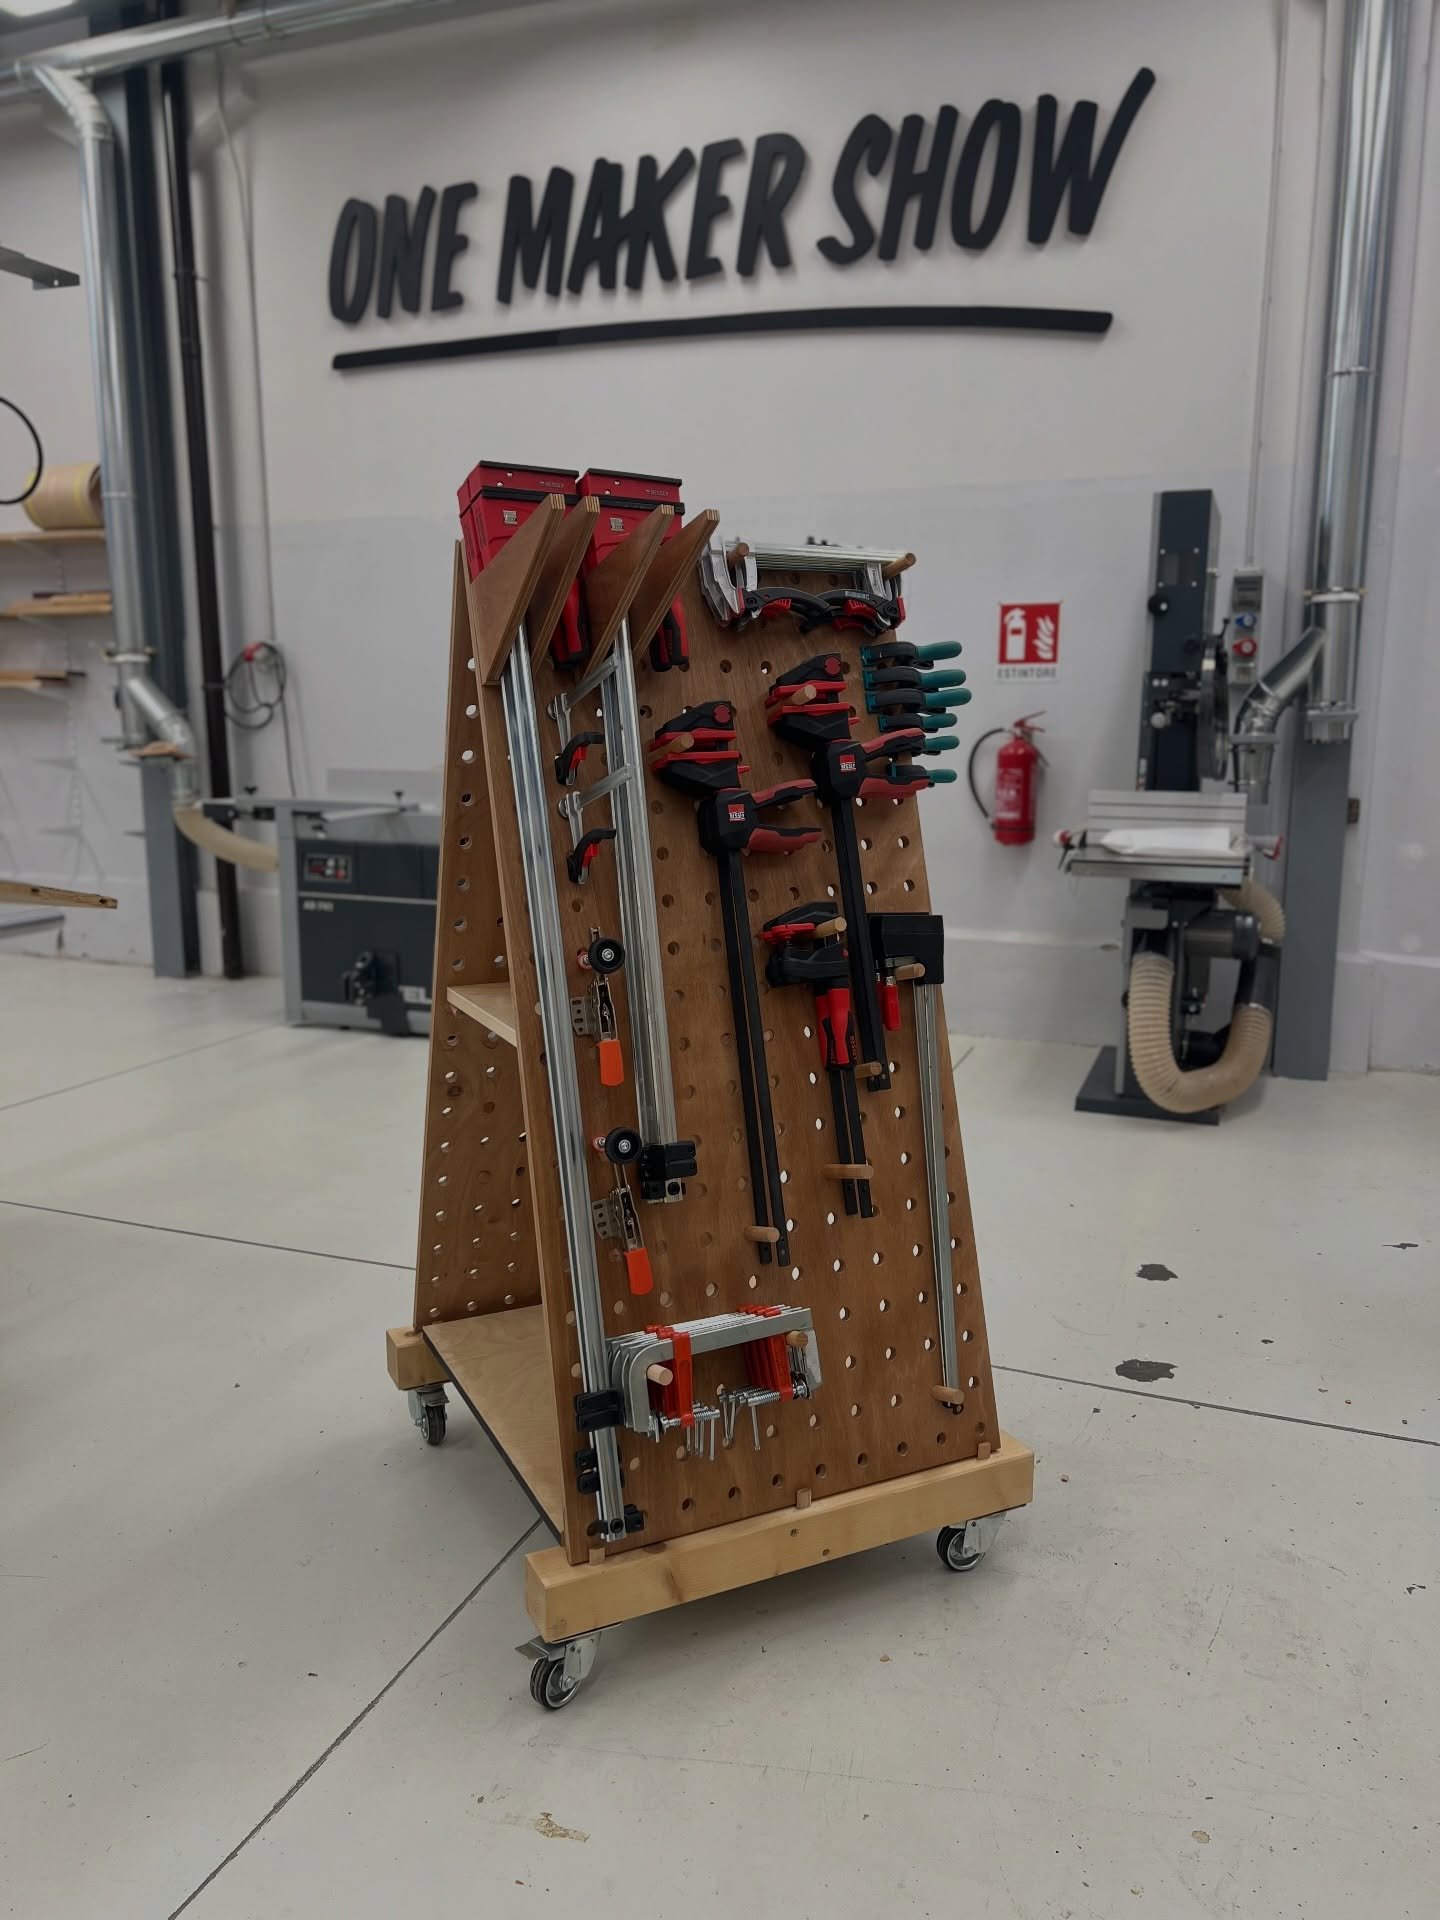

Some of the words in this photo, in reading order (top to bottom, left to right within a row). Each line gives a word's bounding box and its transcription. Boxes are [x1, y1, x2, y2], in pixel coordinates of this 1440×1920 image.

[329, 182, 479, 325] ONE
[497, 133, 807, 305] MAKER
[816, 67, 1156, 267] SHOW
[997, 667, 1057, 679] ESTINTORE
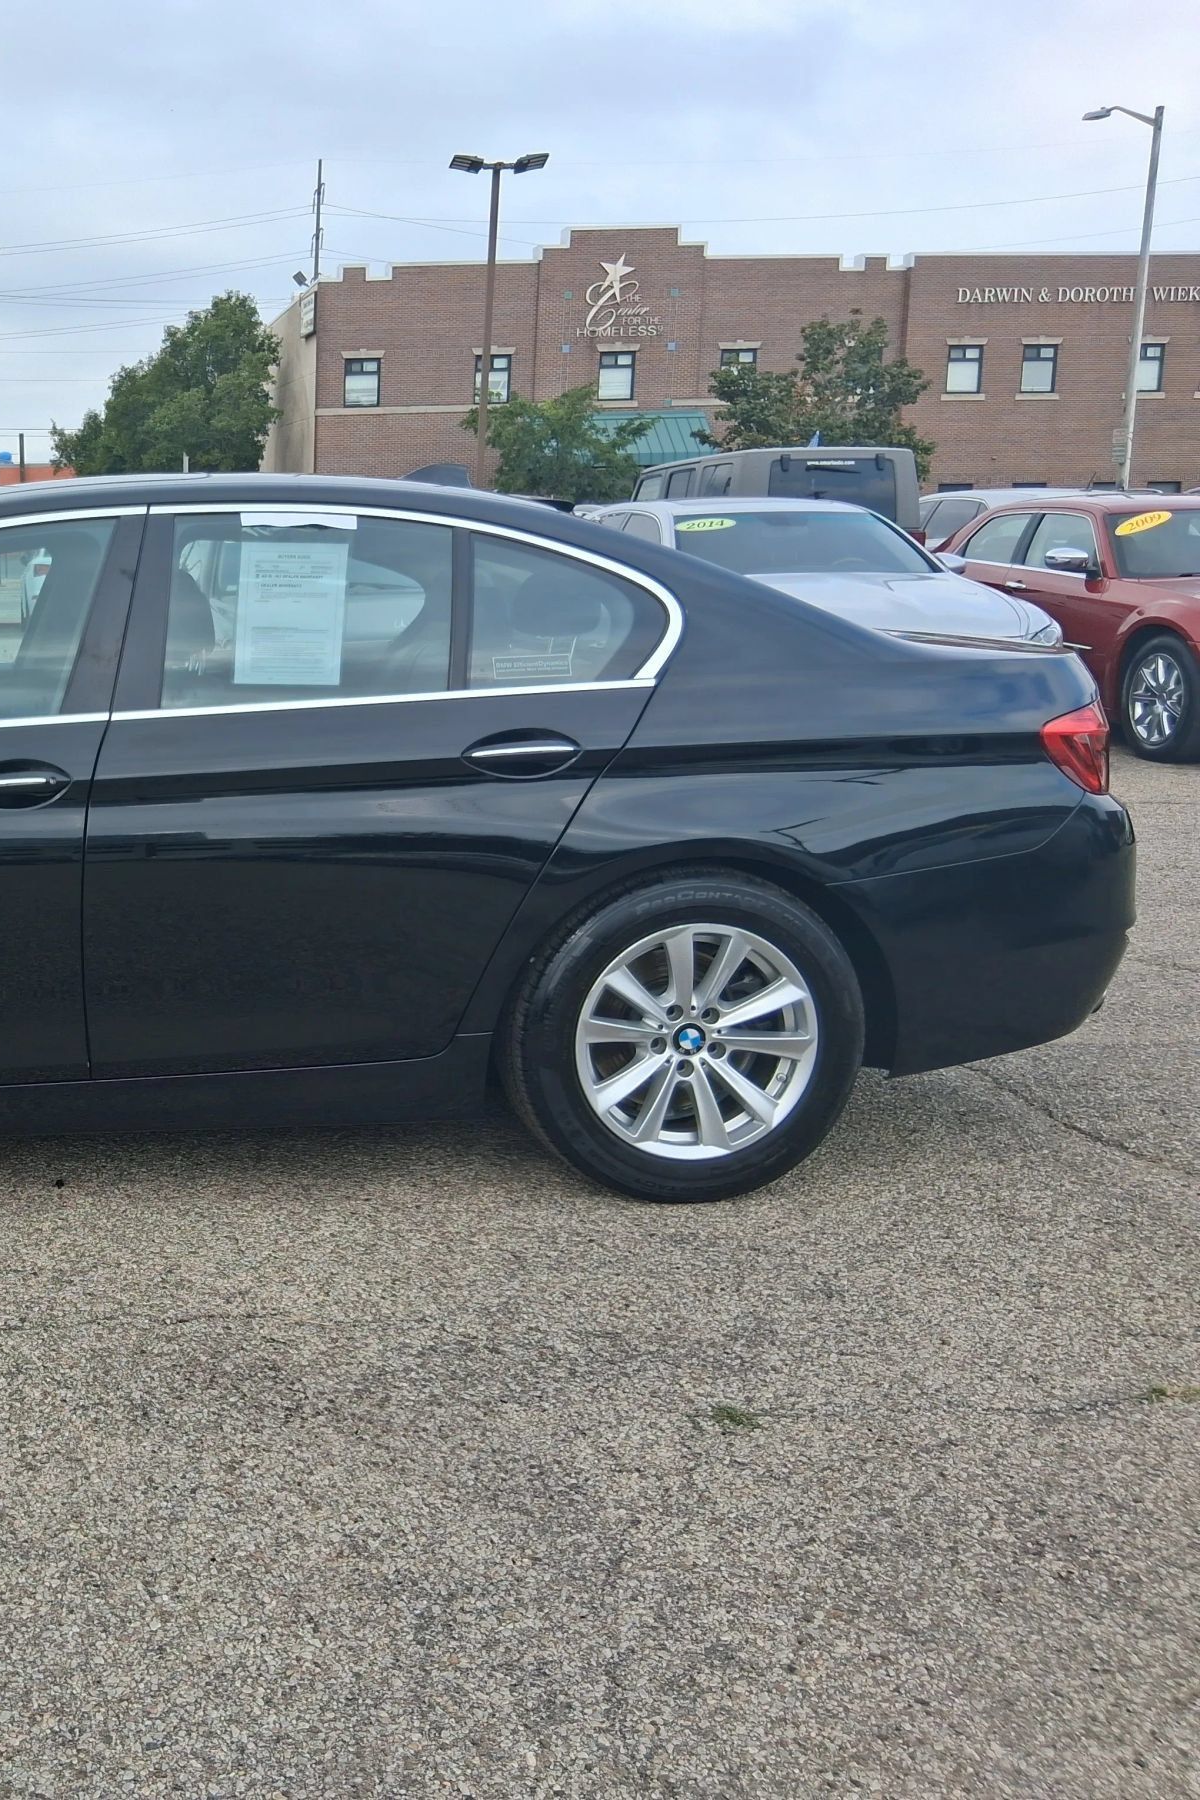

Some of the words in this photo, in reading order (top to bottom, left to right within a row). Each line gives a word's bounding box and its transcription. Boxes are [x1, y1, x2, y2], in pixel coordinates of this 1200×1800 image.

[957, 287, 1033, 303] DARWIN
[1038, 287, 1052, 303] &
[1152, 286, 1200, 303] WIEK
[622, 316, 641, 326] FOR
[645, 315, 662, 325] THE
[576, 326, 658, 338] HOMELESS
[686, 519, 725, 531] 2014
[1126, 513, 1162, 531] 2009

**Problem to solve**
The listing above must be given again exactly, minus its pictures.

**Answer to the problem**
Some of the words in this photo, in reading order (top to bottom, left to right within a row). Each line gives a word's bounding box and its transcription. Boxes are [x1, y1, x2, y2], in pixel coordinates of this 1440×1920 image.

[329, 182, 479, 325] ONE
[497, 133, 807, 305] MAKER
[816, 67, 1156, 267] SHOW
[997, 667, 1057, 679] ESTINTORE

Some of the words in this photo, in reading order (top to bottom, left to right within a row). Each line gives a word's bounding box and its transcription. Boxes are [x1, y1, x2, y2], in pixel coordinates of this 1200×1800 image.

[957, 287, 1033, 303] DARWIN
[1038, 287, 1052, 303] &
[1152, 286, 1200, 303] WIEK
[622, 316, 641, 326] FOR
[645, 315, 662, 325] THE
[576, 326, 658, 338] HOMELESS
[686, 519, 725, 531] 2014
[1126, 513, 1162, 531] 2009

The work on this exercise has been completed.